Spanish entrepreneur

David Cantolla is a Spanish entrepreneur, co founder of SOLO, an artistic project with a contemporary art collection, called Colección SOLO. He is known for co-creating and directing the animated series Pocoyó, Jelly Jamm, Pirata et Capitano, and Mola Noguru, among other business initiatives.

== Business initiatives ==

David Cantolla has been a founding partner and non-executive president of the eSports club Movistar Riders, which compete in some of the video games such as Fortnite, League of Legends or Call of Duty, among others. Currently, he is a founding partner of the company Movistar KOI/OverActive Media.

He initiated several companies, including Teknoland in 1996 (sold to Telefónica de España/Terra in 2000), Zinkia Entertainment in 2001, Ilustrae in 2007, Vodka Capital, Sidkap, Wake app - creator of the music app with Jorge Drexler-, and The App Date in 2008, Bitoon Games in 2009, and Elevenyellow in 2011.

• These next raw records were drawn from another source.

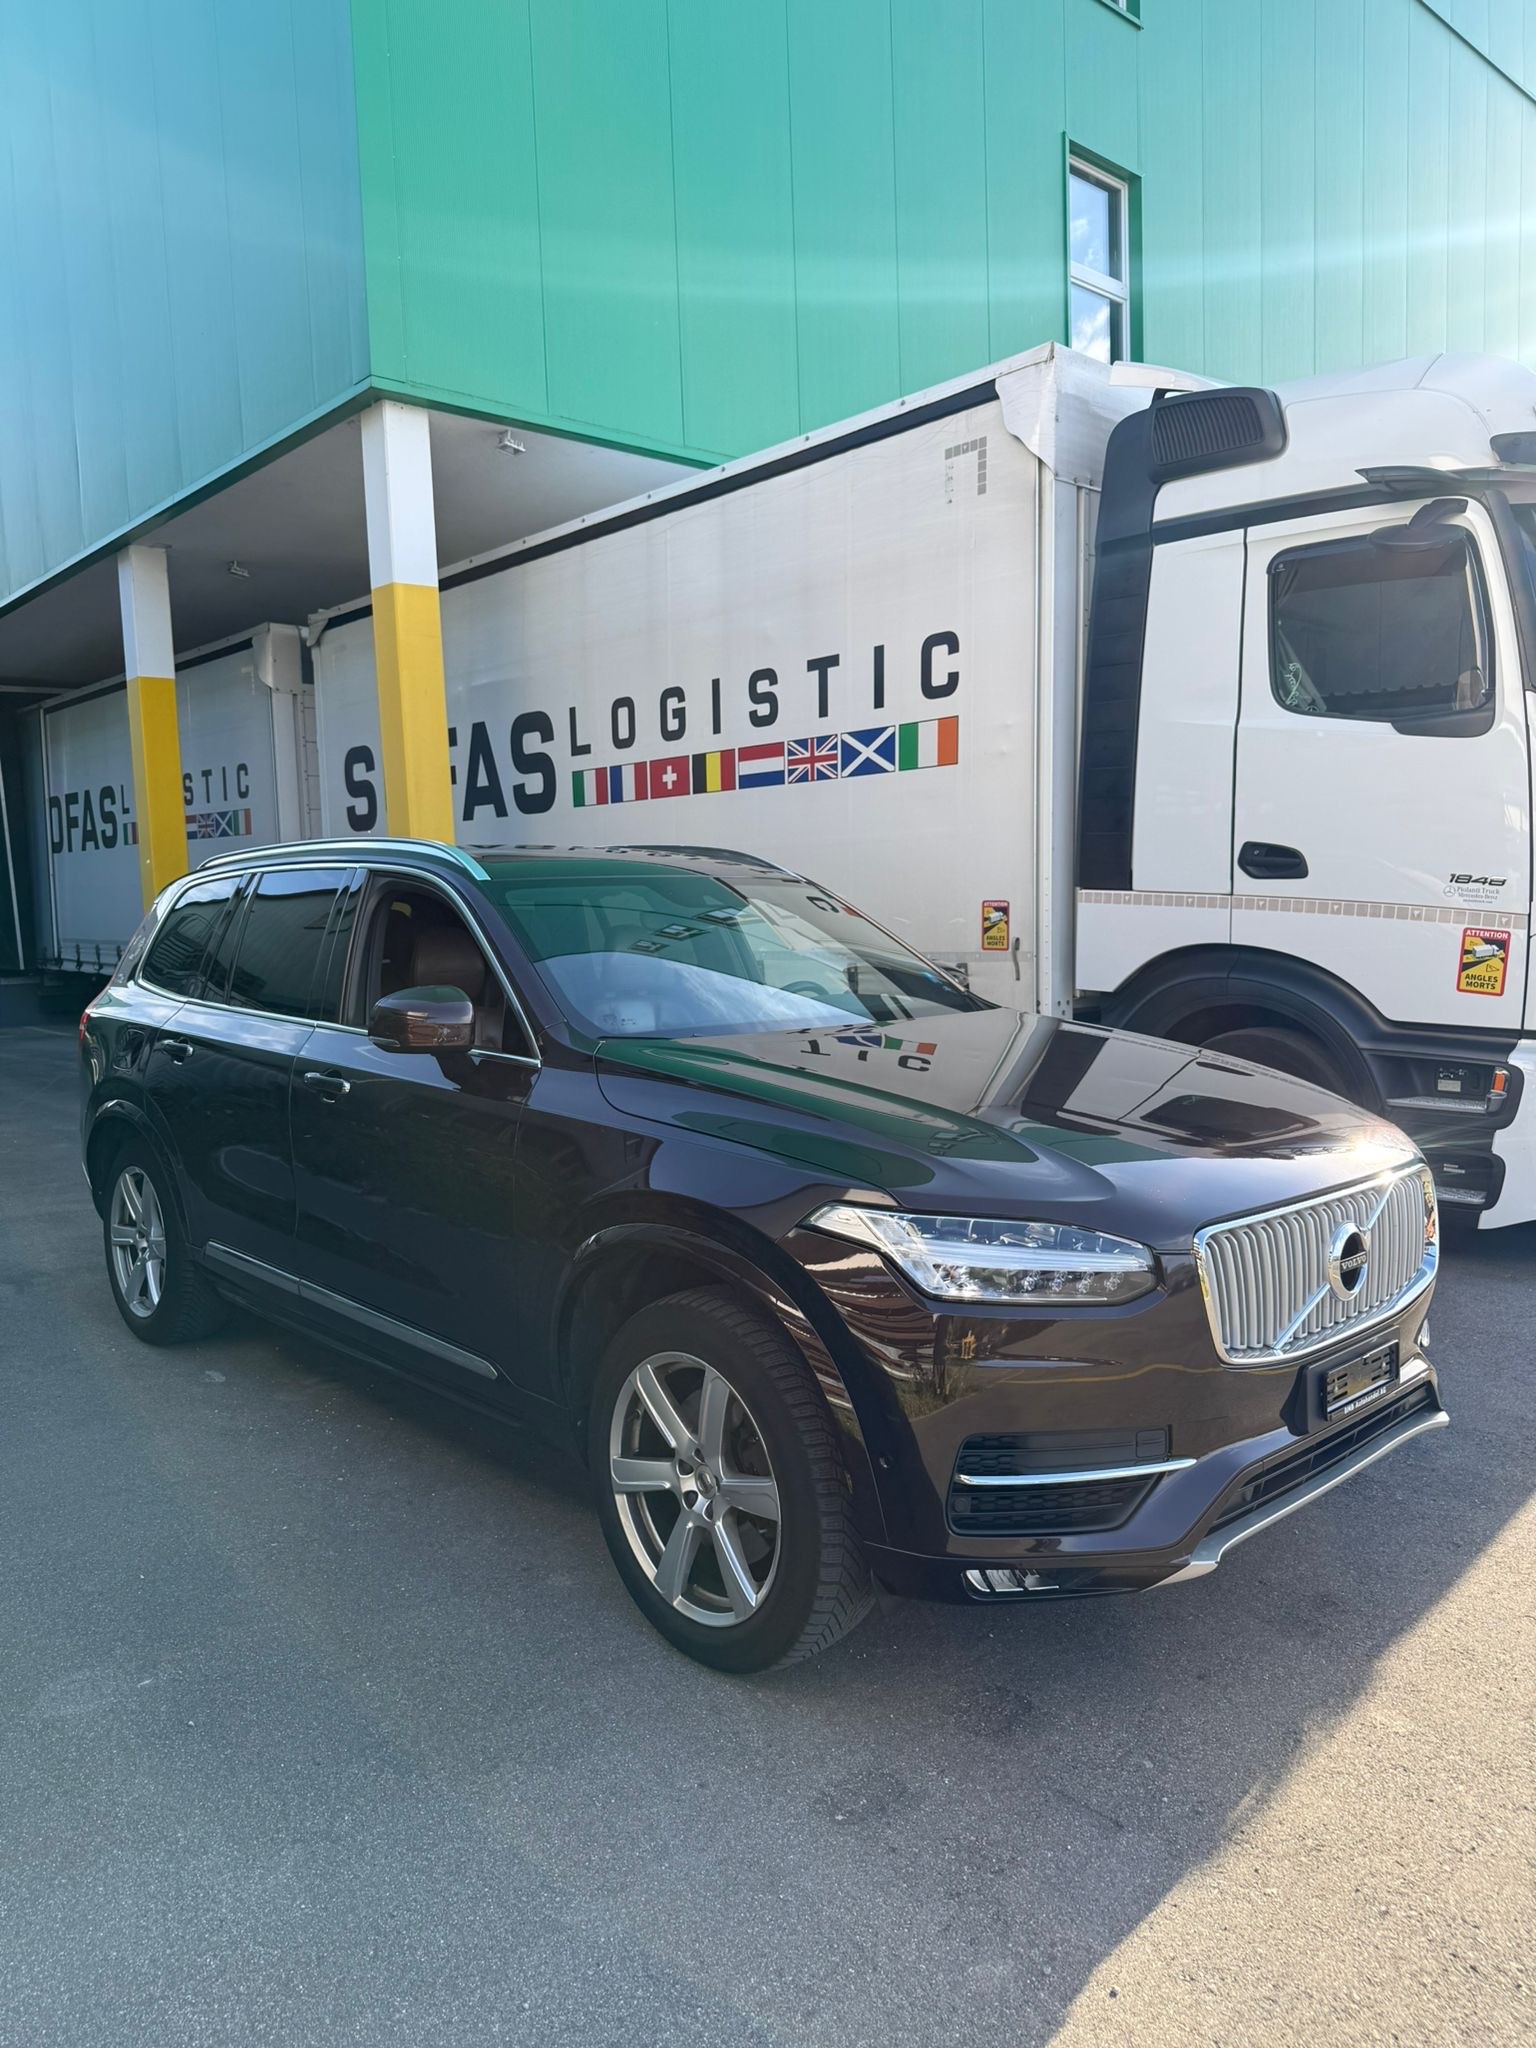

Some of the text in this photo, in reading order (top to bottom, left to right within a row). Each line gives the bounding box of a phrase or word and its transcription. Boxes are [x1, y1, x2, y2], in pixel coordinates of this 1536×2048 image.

[344, 630, 960, 832] SAS LOGISTIC
[120, 763, 250, 815] LSTIC
[1449, 873, 1507, 886] 1848
[1466, 929, 1509, 939] ATTENTION
[1464, 973, 1499, 983] ANGLES
[1465, 981, 1496, 990] MORTS
[1341, 1254, 1367, 1270] VOLVO
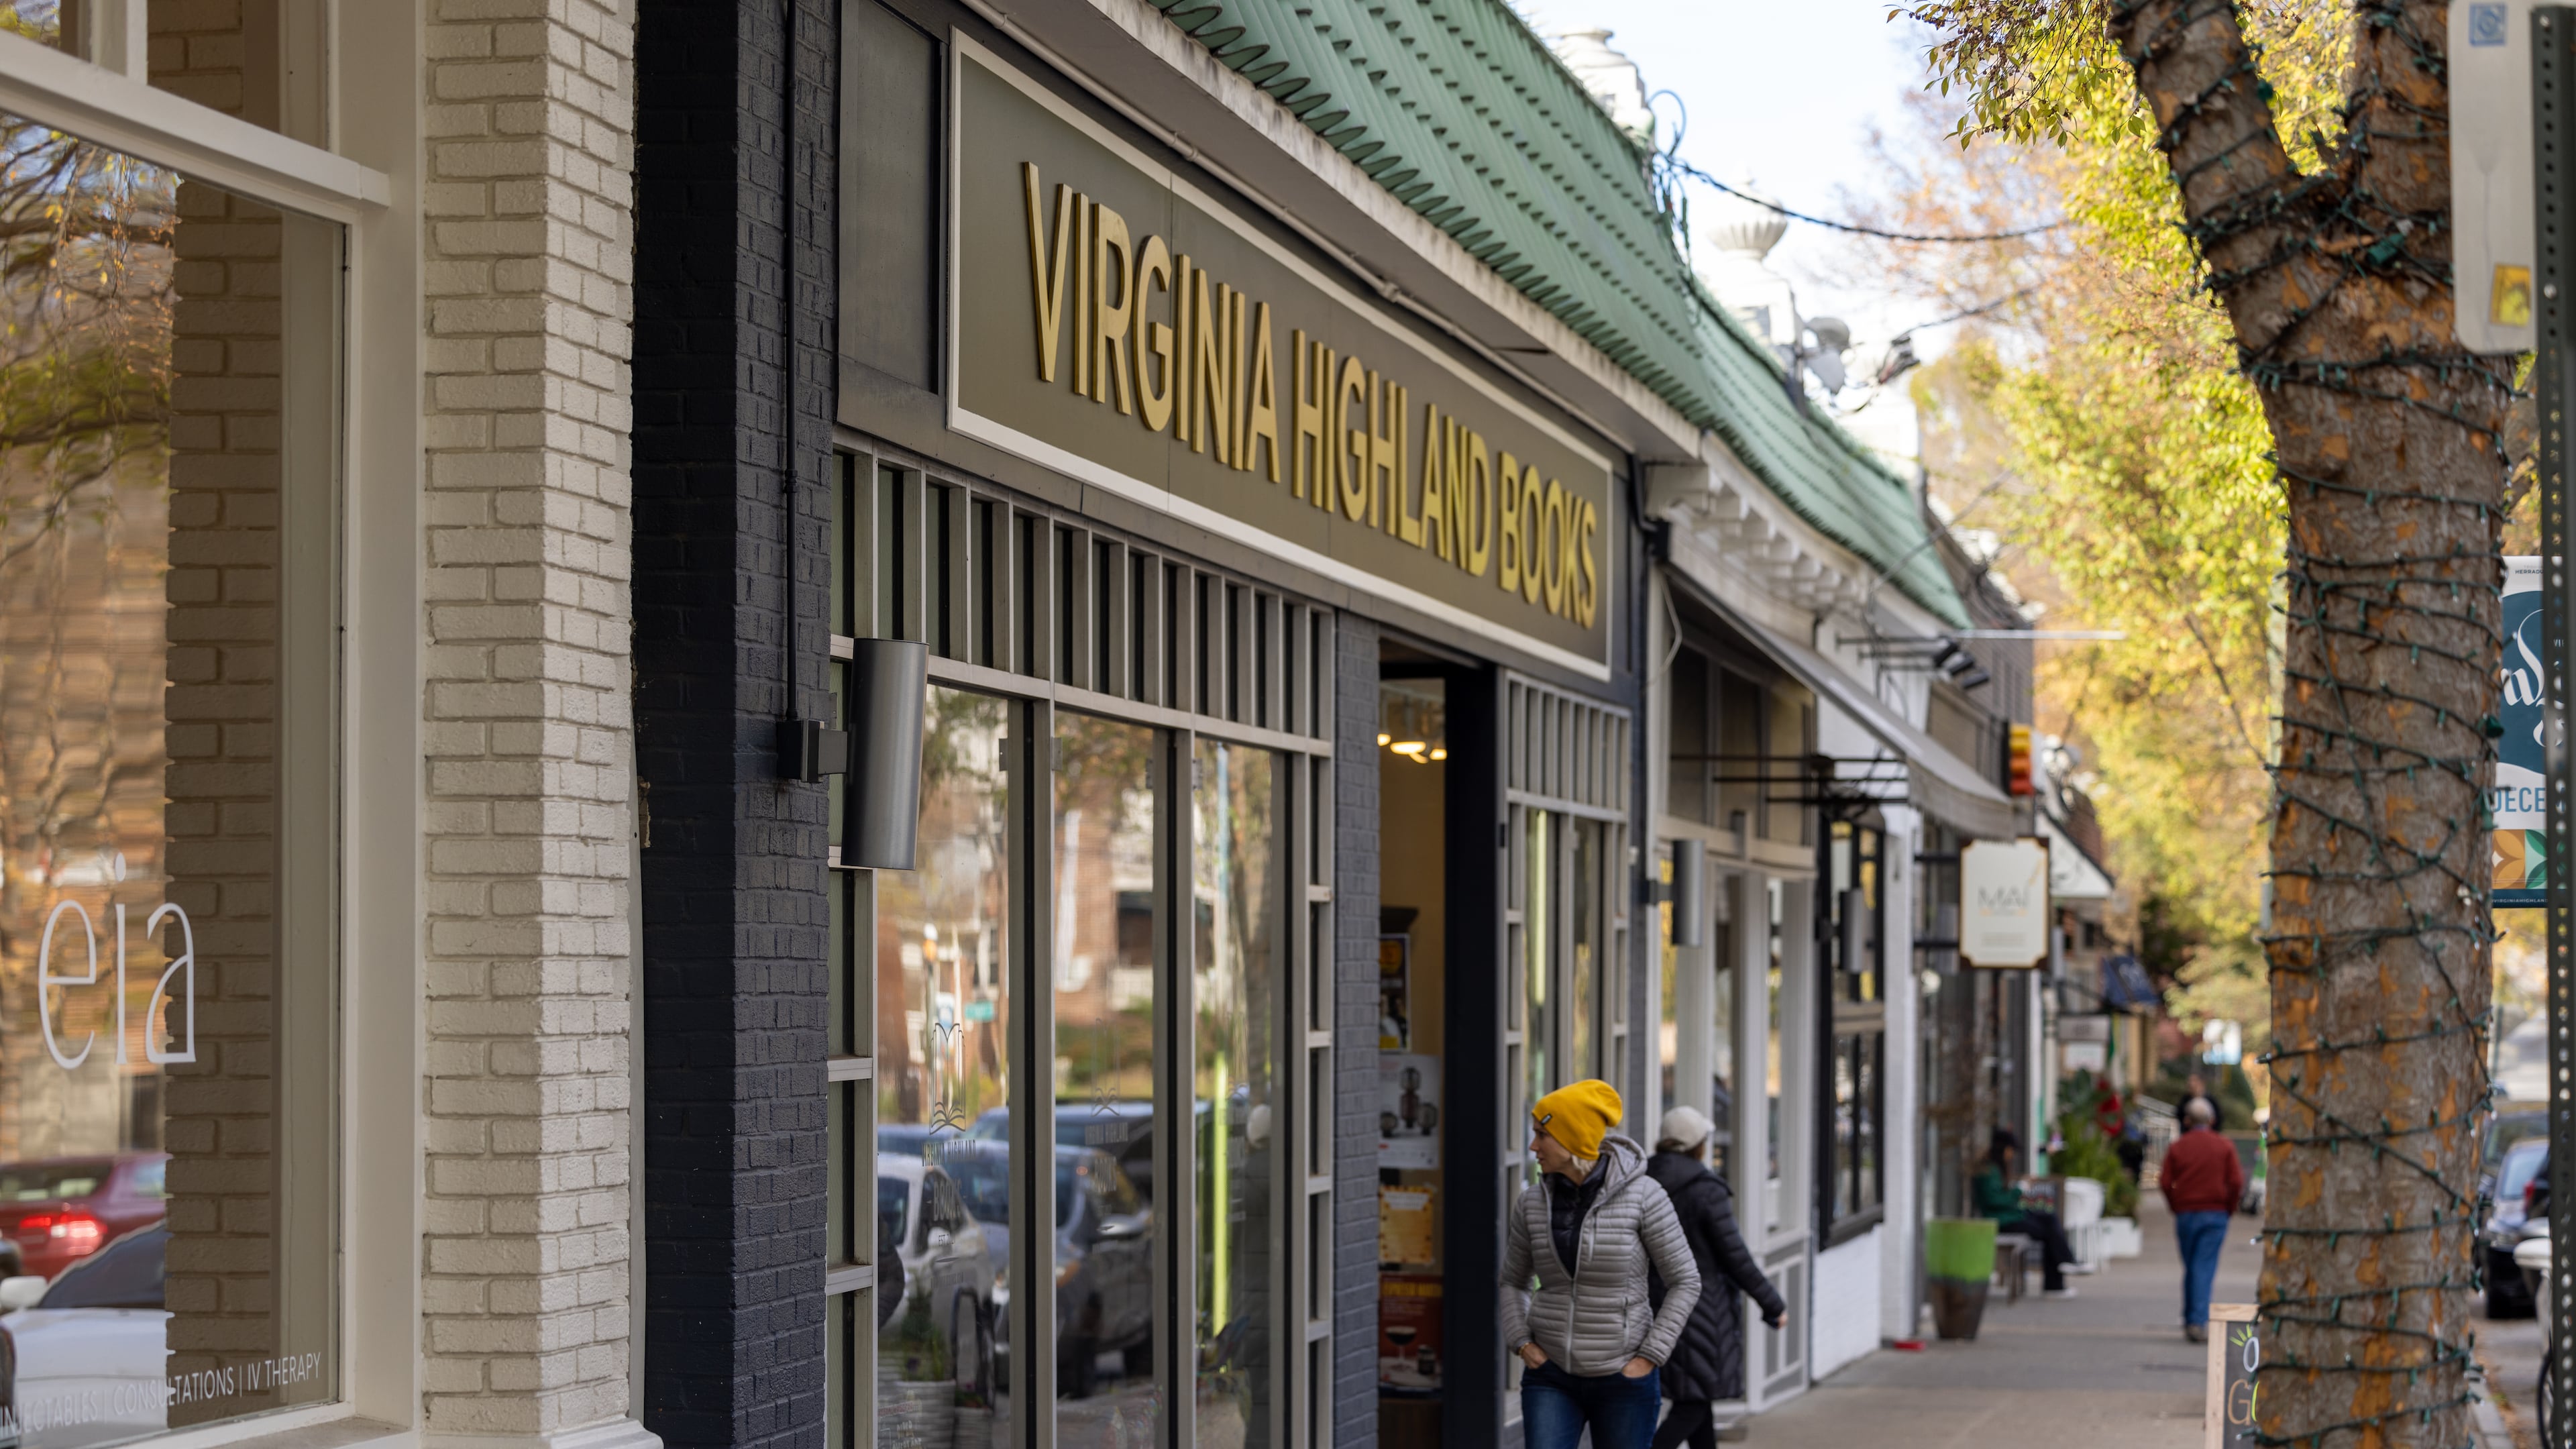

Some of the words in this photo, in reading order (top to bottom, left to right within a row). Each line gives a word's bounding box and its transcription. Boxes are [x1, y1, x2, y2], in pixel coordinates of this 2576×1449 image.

[1024, 161, 1281, 483] VIRGINIA
[1292, 329, 1492, 577] HIGHLAND
[1498, 450, 1597, 630] BOOKS
[38, 852, 197, 1070] eia
[113, 1366, 234, 1416] CONSULTATIONS
[248, 1362, 262, 1391] IV
[265, 1352, 321, 1387] THERAPY
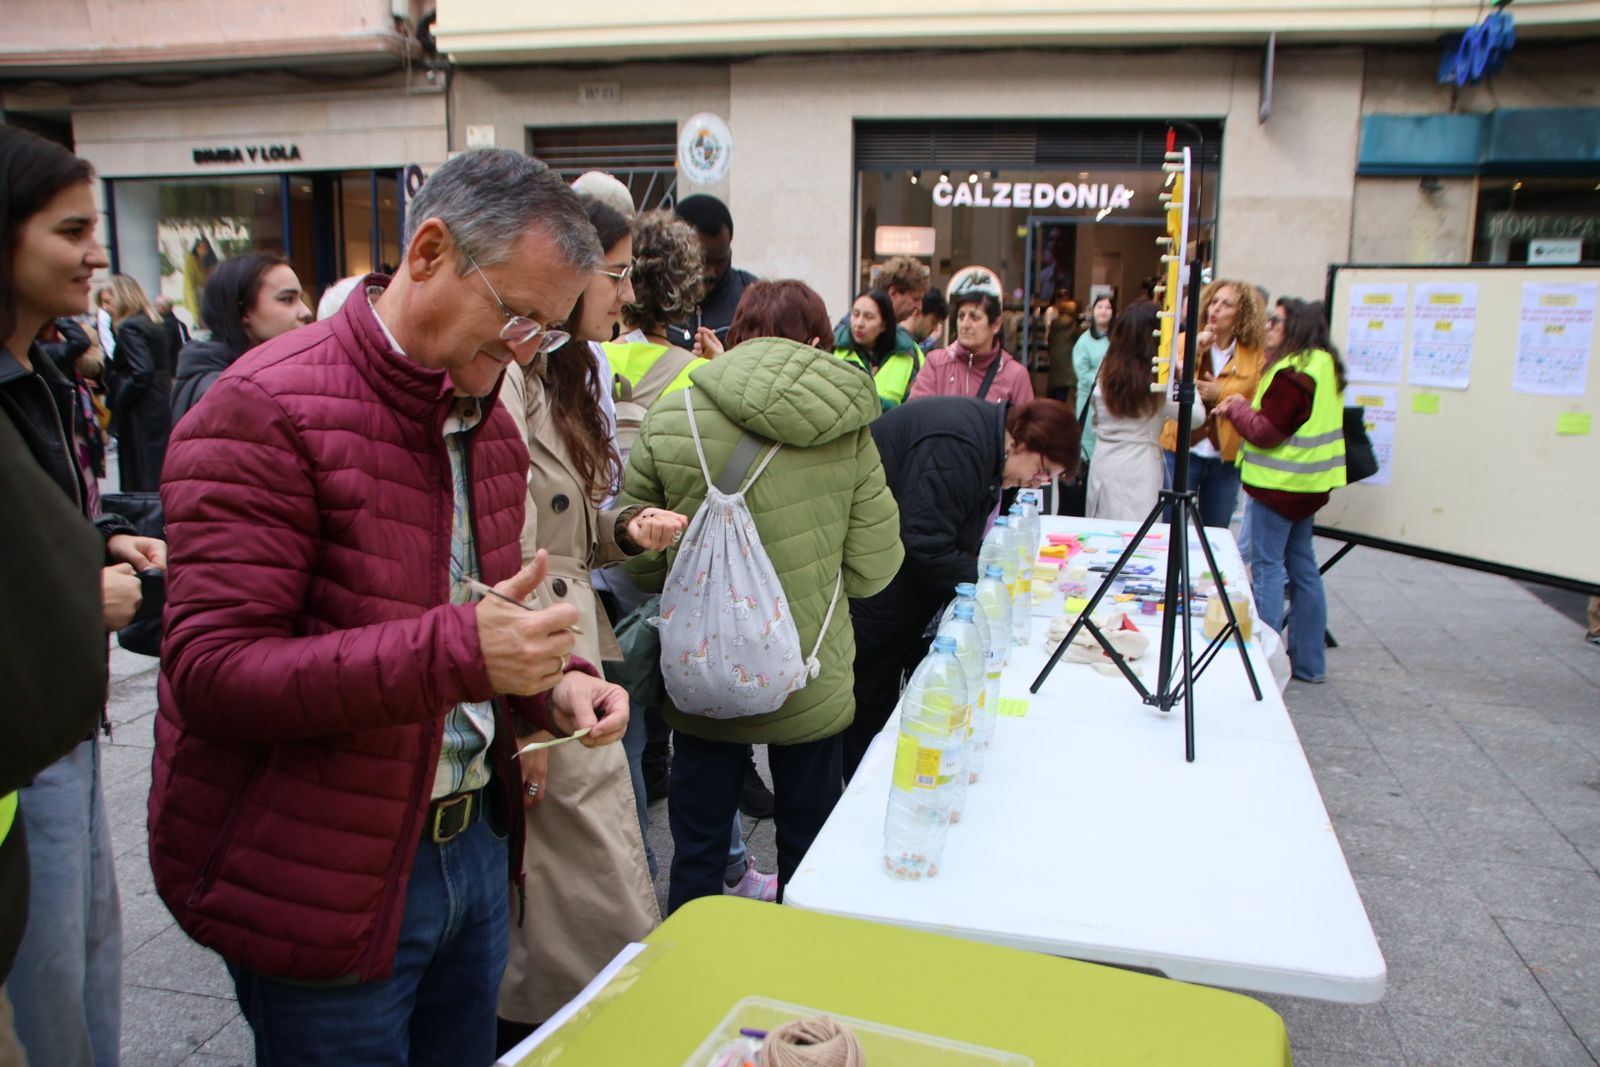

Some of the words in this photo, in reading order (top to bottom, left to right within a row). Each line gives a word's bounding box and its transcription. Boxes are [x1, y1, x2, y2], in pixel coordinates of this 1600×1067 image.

== Animation and video games ==

Together with Colman López, Luis Gallego, and Guillermo García Carsi, he created the animation series Pocoyó, named following a linguistic play by his daughter. The series, a Spanish-British co-production, has been broadcast in 150 countries and has received awards, including the BAFTA for Best Pre-School Animation Series in 2006. He is also a co-creator of Jelly Jamm and the video game Basketdudes.

== Art initiatives ==
In 2014, with Ana Gervás, he set up Colección SOLO, which features works by approximately 270 artists from 20 countries. The collection collaborates with museums and galleries, including exhibitions such human product by filip custic at Parco Museum (Tokyo), The Garden of Earthly Delights through the works of Colección SOLO at Matadero Madrid, NGV MuseumTriennial l (Australia), or with Mario Klingemann works at AI: More than Human at Barbican Centre (London), among others.

SOLO Collection is part of the SOLO project, an initiative dedicated to supporting contemporary art and new media experimentation. The project includes international awards, art spaces such as SOLO Independencia and SOLO CSV in Madrid, and SOLO Castanedo in northern Spain.